For long or preemptible runs:

python scripts/training/train.py \
    --config configs/paper_config_tuned.yaml \
    --train-data notebooks/data/processed/train.csv \
    --val-data notebooks/data/processed/val.csv \
    --test-data notebooks/data/processed/test.csv \
    --checkpoint checkpoints/tgnn_solv_tuned.pt \
    --checkpoint-every 5 \
    --device cuda

Resume later with:

python scripts/training/train.py \
    --resume checkpoints/tgnn_solv_tuned.pt \
    --checkpoint checkpoints/tgnn_solv_tuned.pt \
    --device cuda

3. Run one inference query¶

from tgnn_solv.inference import load_model, predict_solubility

model, cfg = load_model("checkpoints/tgnn_solv_tuned.pt")
result = predict_solubility(
    model,
    solute_smiles="CC(=O)Nc1ccc(O)cc1",
    solvent_smiles="CCO",
    T=298.15,
)
print(result["ln_x2"], result["T_m"], result["tau_12"])

See the full maintained inference surface in Evaluation & Inference.

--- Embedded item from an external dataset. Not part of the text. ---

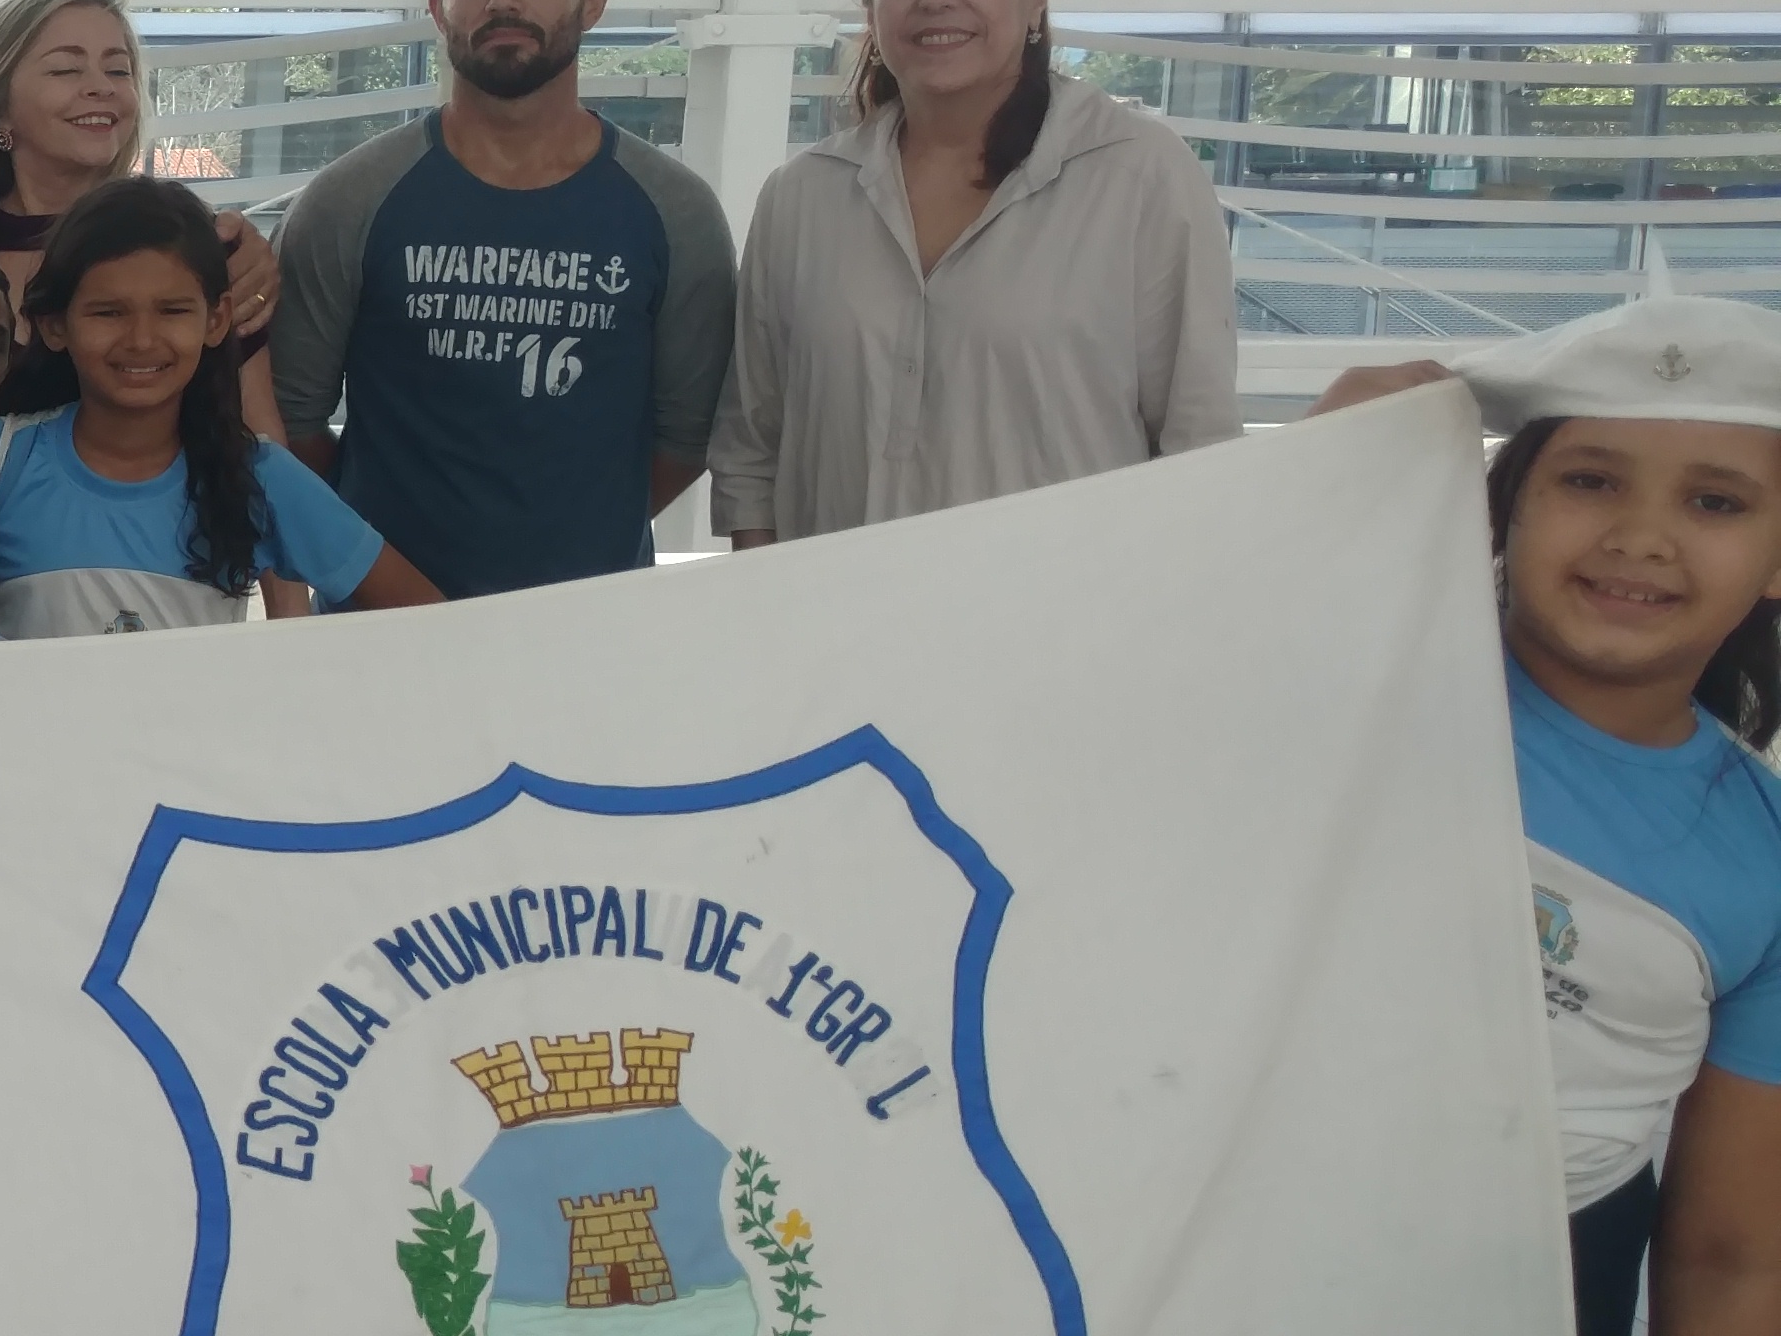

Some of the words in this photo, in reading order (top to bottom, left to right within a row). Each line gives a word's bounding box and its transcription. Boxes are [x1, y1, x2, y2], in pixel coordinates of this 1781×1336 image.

4. Evaluate the checkpoint¶

Use the lightweight maintained evaluation CLI:

python scripts/evaluation/evaluate_complete.py \
    --test-data notebooks/data/processed/test.csv \
    --tgnn-checkpoint checkpoints/tgnn_solv_tuned.pt \
    --output results/full_evaluation.json \
    --verbose

This gives you:

test-set regression metrics
figure-ready arrays
error slices such as aqueous and top-solvent subsets
a canonical report payload that can be opened directly in Results & Plots and Benchmark Studio inside the lab
report sidecars:
full_evaluation.manifest.json
full_evaluation.card.json

5. Run a matched no-physics baseline¶

To compare TGNN-Solv against the maintained matched backbone:

python scripts/training/train_directgnn.py \
    --config configs/paper_config_directgnn_tuned.yaml \
    --train-data notebooks/data/processed/train.csv \
    --val-data notebooks/data/processed/val.csv \
    --test-data notebooks/data/processed/test.csv \
    --checkpoint checkpoints/directgnn_tuned.pt \
    --device cuda

That is the main ablation used to test whether the explicit physics bottleneck is helping.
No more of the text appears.